Richard Drachter (geboren 1883 in Ellwangen/Deutschland, gestorben 1936 an einer Lungengangrän verursacht durch Tuberkulose in Krailling bei München) absolvierte sein Medizinstudium in Kiel und München. Er begann seine Ausbildung als Chirurg, insbesondere als Kinderchirurg, an der Universität München im Jahr 1909. Während seiner Arbeit an der Hauner'schen Kinderklinik (1912-1936) legte er besonderen Wert auf die Spaltchirurgie und führte 1913 über 50 Gaumenplastiken durch. Zwanzig Jahre später berichtete er von 94 Gaumenplastiken pro Jahr, was zu der Zeit die größte Anzahl in einem einzelnen Zentrum in Deutschland war (Kaufmann 1998). Drachter beschrieb bereits 1914 die Knochentransplantation in eine breite bilaterale Kieferspalte bei einem 7-jährigen Jungen. Probleme bei der Operation zeigten sich bei Transplantation von Knochen und Periost von der Tibia zum Gaumen und Alveolarfortsatz. Als besondere Herausforderung erschien dabei die Schaffung des erforderlichen Wundbettes, das er aus der Weichgewebsmanschette von unterer Nasenmuschel und Vomer gewann (Drachter 1914).

1952

Eduard Schmid (geboren 1912 in Kressbronn am Bodensee, gestorben 1992 in Stuttgart) erhielt seine chirurgische Ausbildung in der Abteilung von Martin Wassmund an der Charité. Nach der Behandlung vieler Soldaten mit Gesichtsverletzungen im Zweiten Weltkrieg gründete Schmid 1950 die Abteilung für Rekonstruktive Chirurgie am Marienhospital in Stuttgart. Er trug wesentlich zur Weiterentwicklung der Kieferspaltosteoplastik bei. Nach einem Besuch bei Eduard Schmid beschrieb der US-amerikanische Chirurg Richard Schultz, dass dieser bereits 1944 begonnen hatte, Knochen in Gaumendefekte zu transplantieren.
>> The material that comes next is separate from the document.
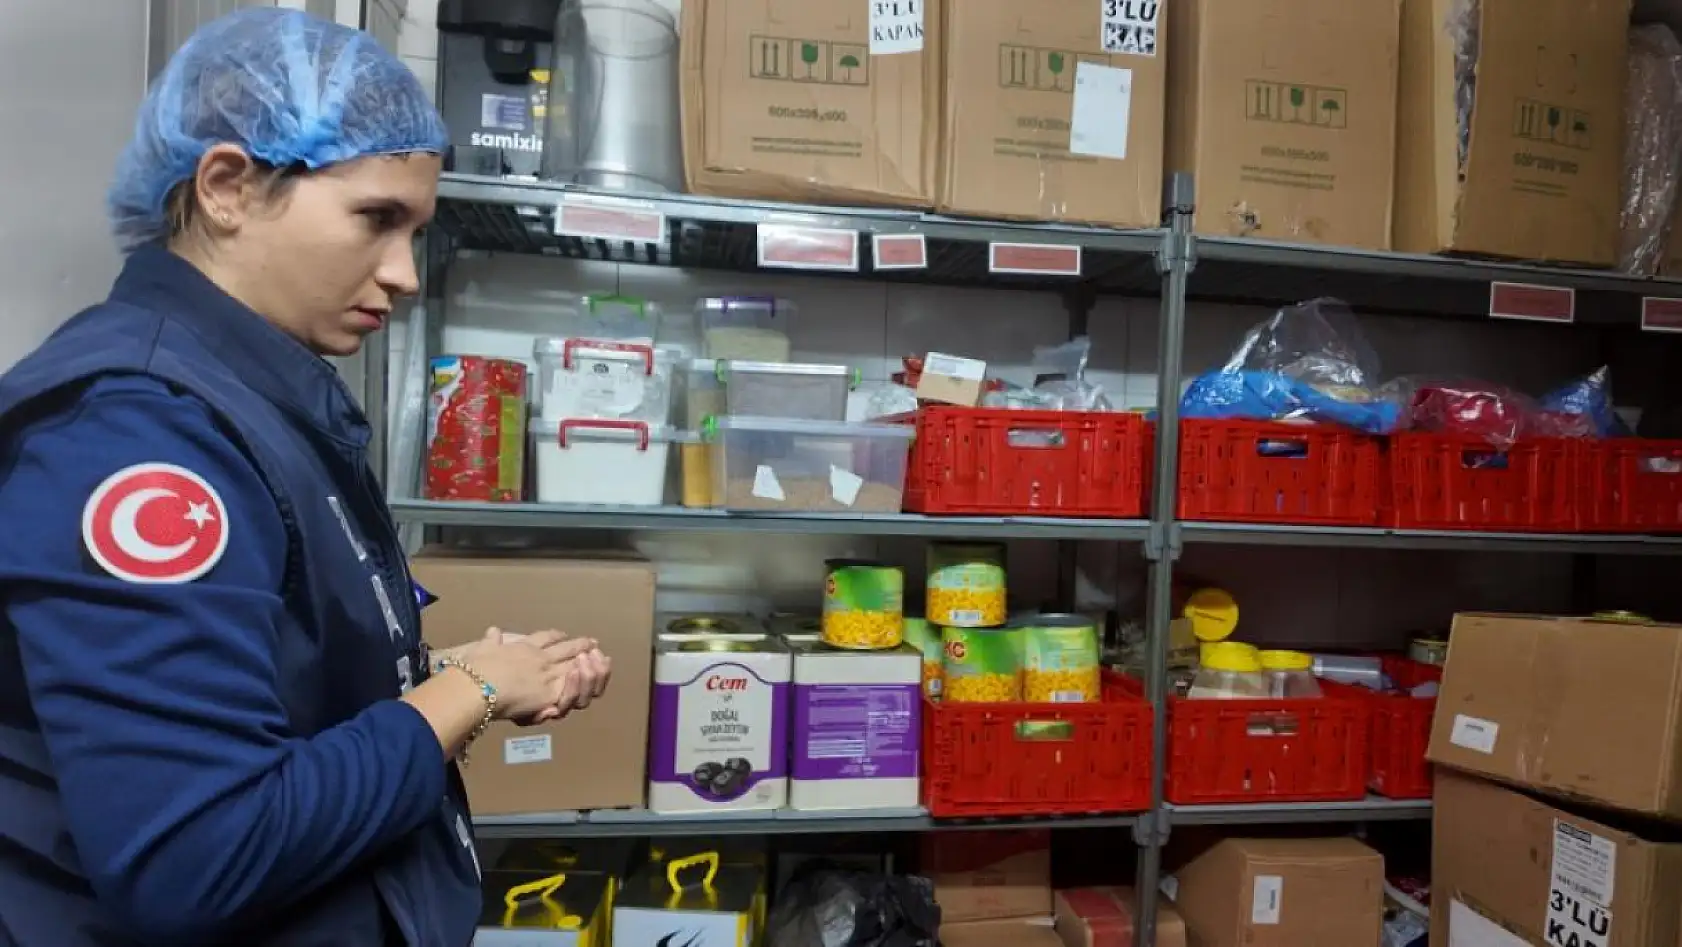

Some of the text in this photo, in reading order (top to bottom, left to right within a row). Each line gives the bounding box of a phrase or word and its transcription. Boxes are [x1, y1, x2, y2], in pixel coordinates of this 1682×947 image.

[873, 22, 924, 41] KAPAK
[706, 675, 748, 690] Cem
[1551, 888, 1609, 936] 3'LÜ
[1547, 917, 1597, 947] KA
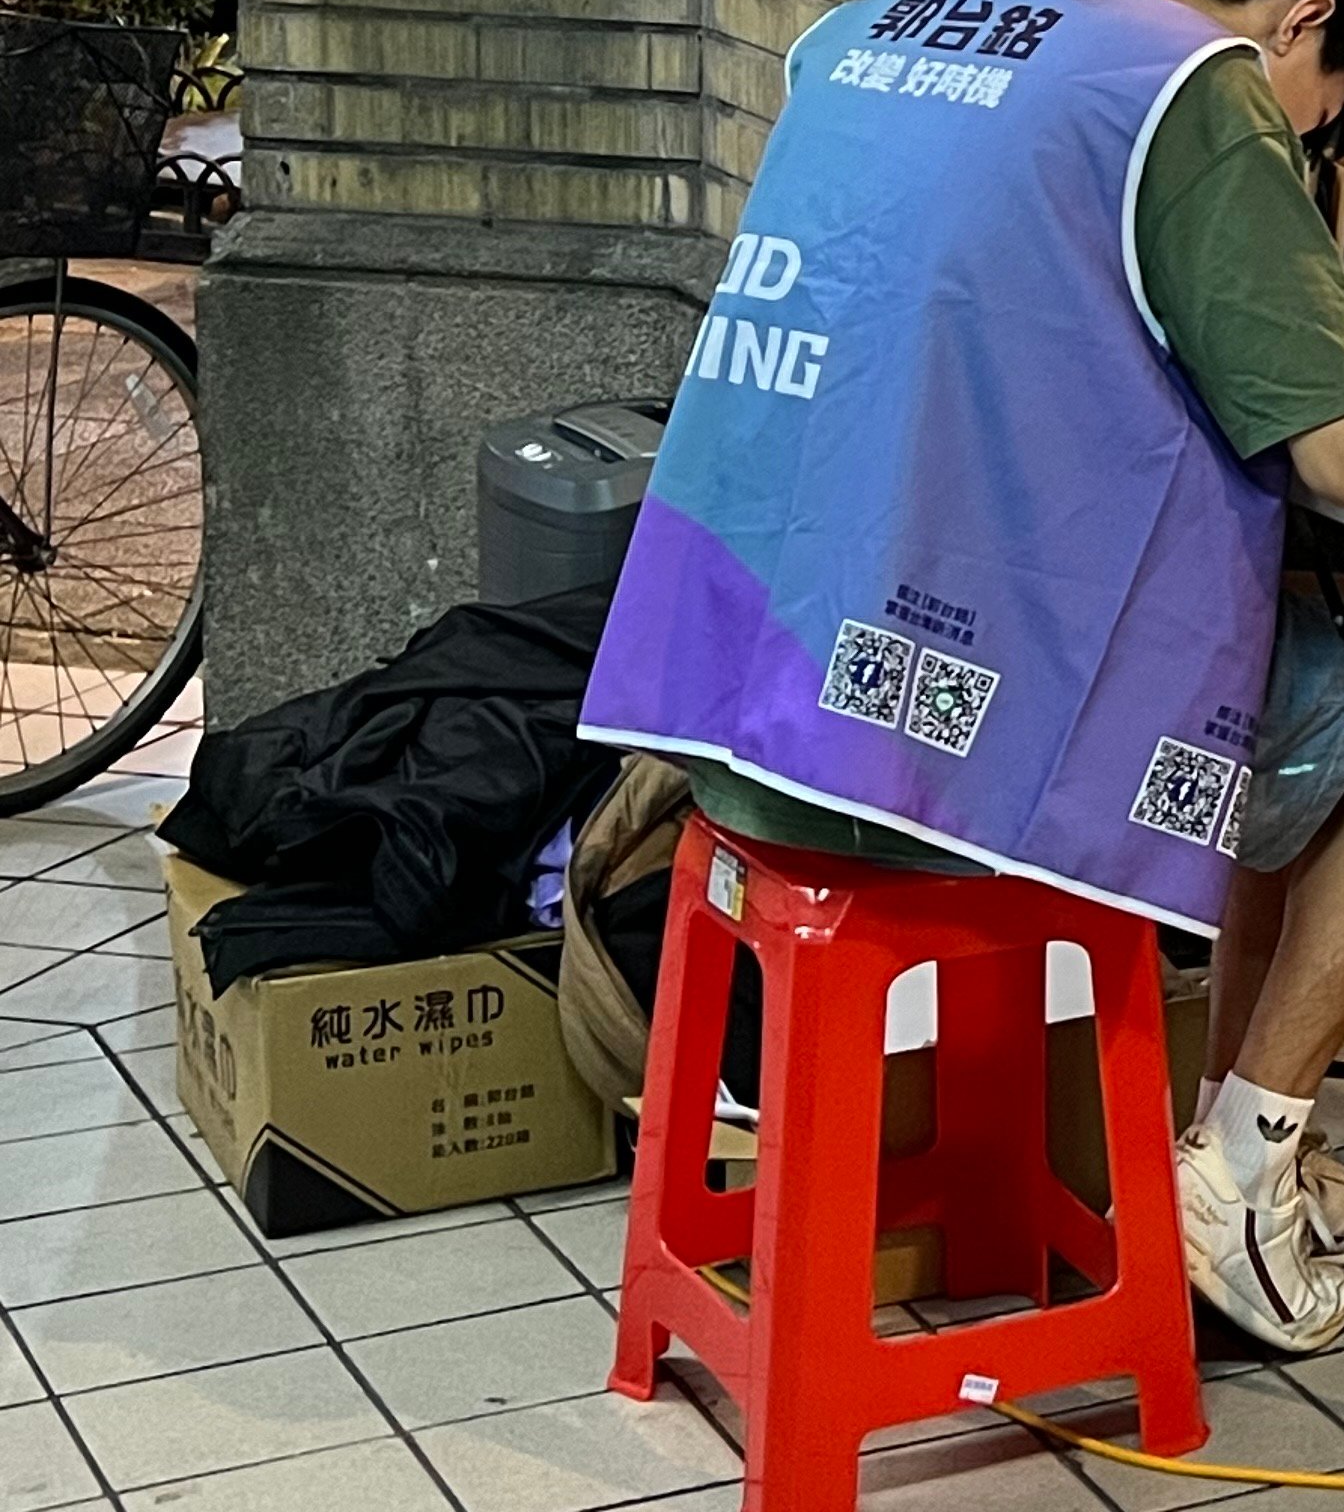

Anfangs hatte er dafür Rundstiellappen als Träger verwendet (Schultz 1964). Schmid selbst hatte seit 1952 über den primären Beckenkammtransfer zwischen die spaltbedingt getrennten Alveolarfortsätze berichtet. Er führte die Technik bei Patienten im Alter von 8 Monaten durch (Schmid 1955; Schmid 1954). Ab 1962 schlug er zusätzlich die knöcherne Augmentation der Spalte im harten Gaumen der Patienten vor (Schmid 1967).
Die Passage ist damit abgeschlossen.